**Exercise brief:**
Copy the complete listing word for word, but do not carry over any images.
"""
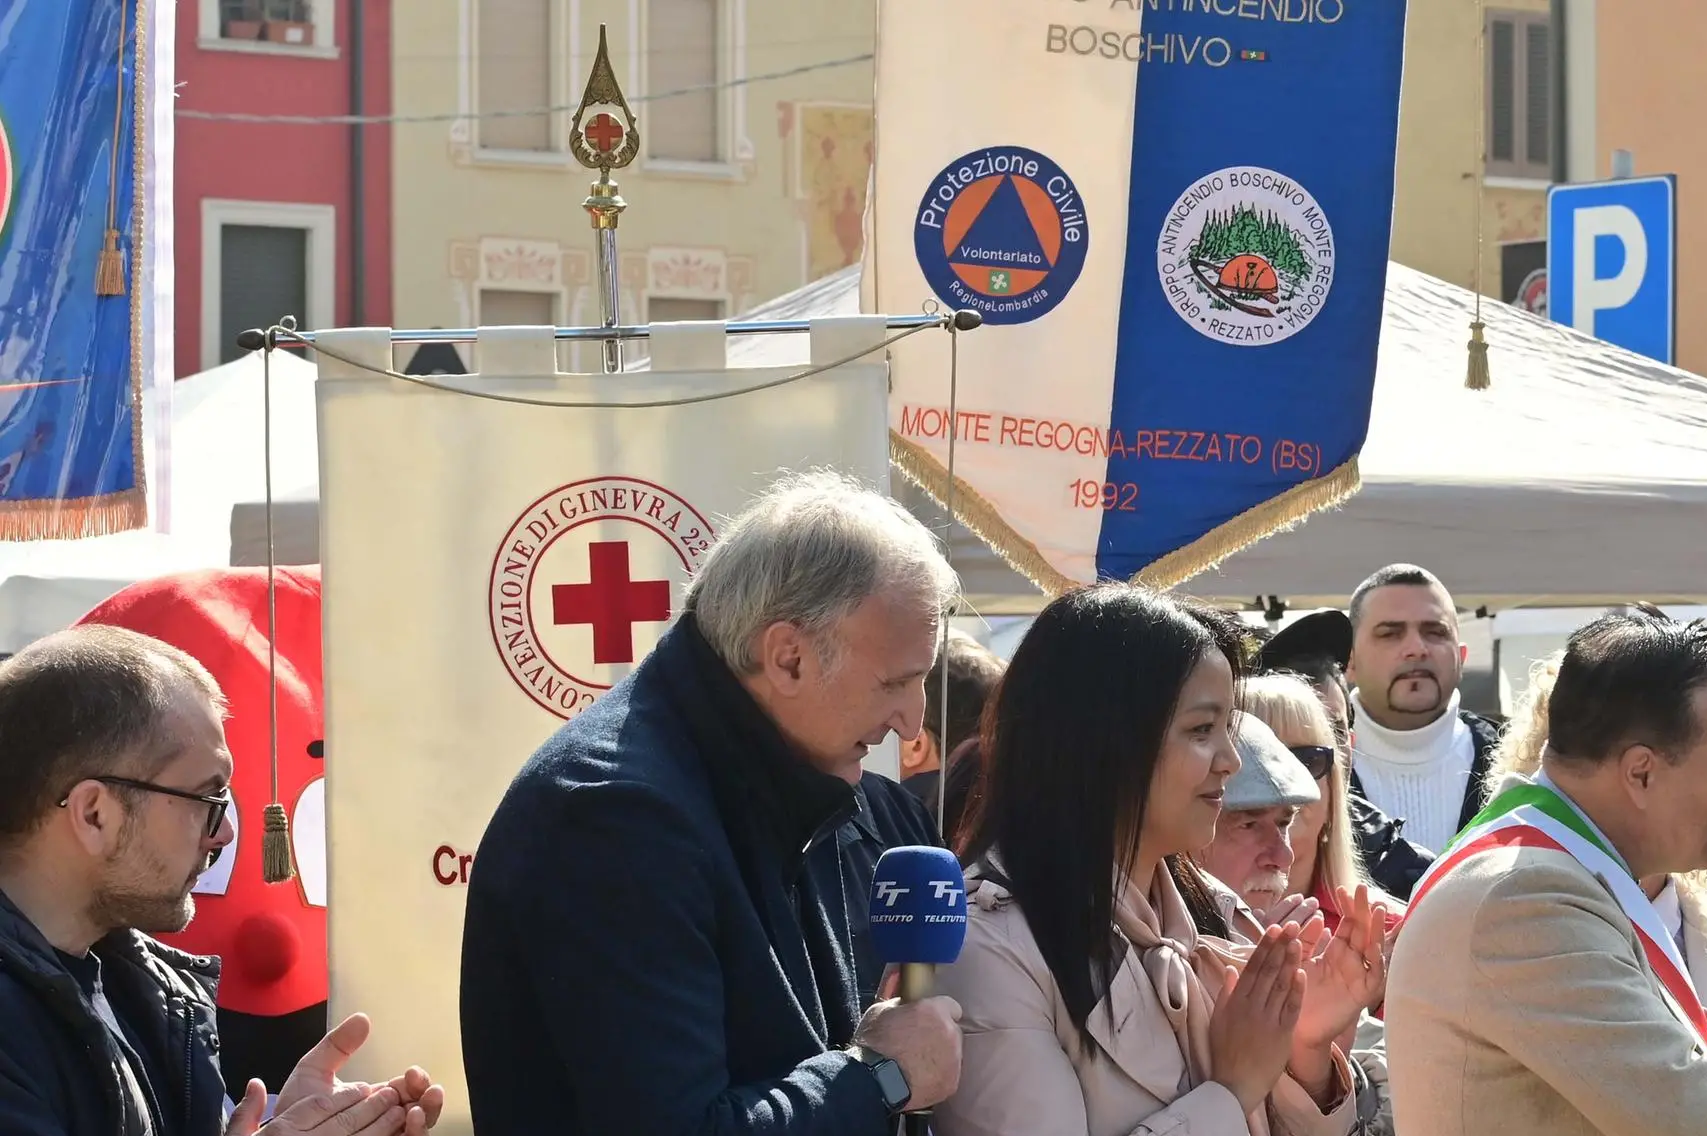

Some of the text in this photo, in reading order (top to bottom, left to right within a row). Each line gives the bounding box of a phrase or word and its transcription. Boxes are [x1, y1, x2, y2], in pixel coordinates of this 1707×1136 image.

[1046, 24, 1231, 67] BOSCHIVO
[920, 152, 1084, 242] Protezione Civile
[960, 246, 1041, 264] Volontariato
[1162, 172, 1332, 328] GRUPPO ANTINCENDIO BOSCHIVO MONTE REGOGNA
[1572, 204, 1648, 338] P
[1208, 318, 1274, 341] REZZATO
[900, 405, 991, 442] MONTE
[1271, 438, 1321, 476] (BS)
[1068, 478, 1139, 511] 1992
[525, 508, 560, 543] DI
[559, 487, 682, 533] GINEVRA
[680, 527, 709, 557] 22
[432, 845, 473, 886] Cr
[871, 914, 914, 923] TELETUTTO
"""
**Exercise result:**
Some of the text in this photo, in reading order (top to bottom, left to right within a row). Each line gives the bounding box of a phrase or word and its transcription. Boxes are [x1, y1, x2, y2], in pixel coordinates of this 1707×1136 image.

[1046, 24, 1231, 67] BOSCHIVO
[920, 152, 1084, 242] Protezione Civile
[960, 246, 1041, 264] Volontariato
[1162, 172, 1332, 328] GRUPPO ANTINCENDIO BOSCHIVO MONTE REGOGNA
[1572, 204, 1648, 338] P
[1208, 318, 1274, 341] REZZATO
[900, 405, 991, 442] MONTE
[1271, 438, 1321, 476] (BS)
[1068, 478, 1139, 511] 1992
[525, 508, 560, 543] DI
[559, 487, 682, 533] GINEVRA
[680, 527, 709, 557] 22
[432, 845, 473, 886] Cr
[871, 914, 914, 923] TELETUTTO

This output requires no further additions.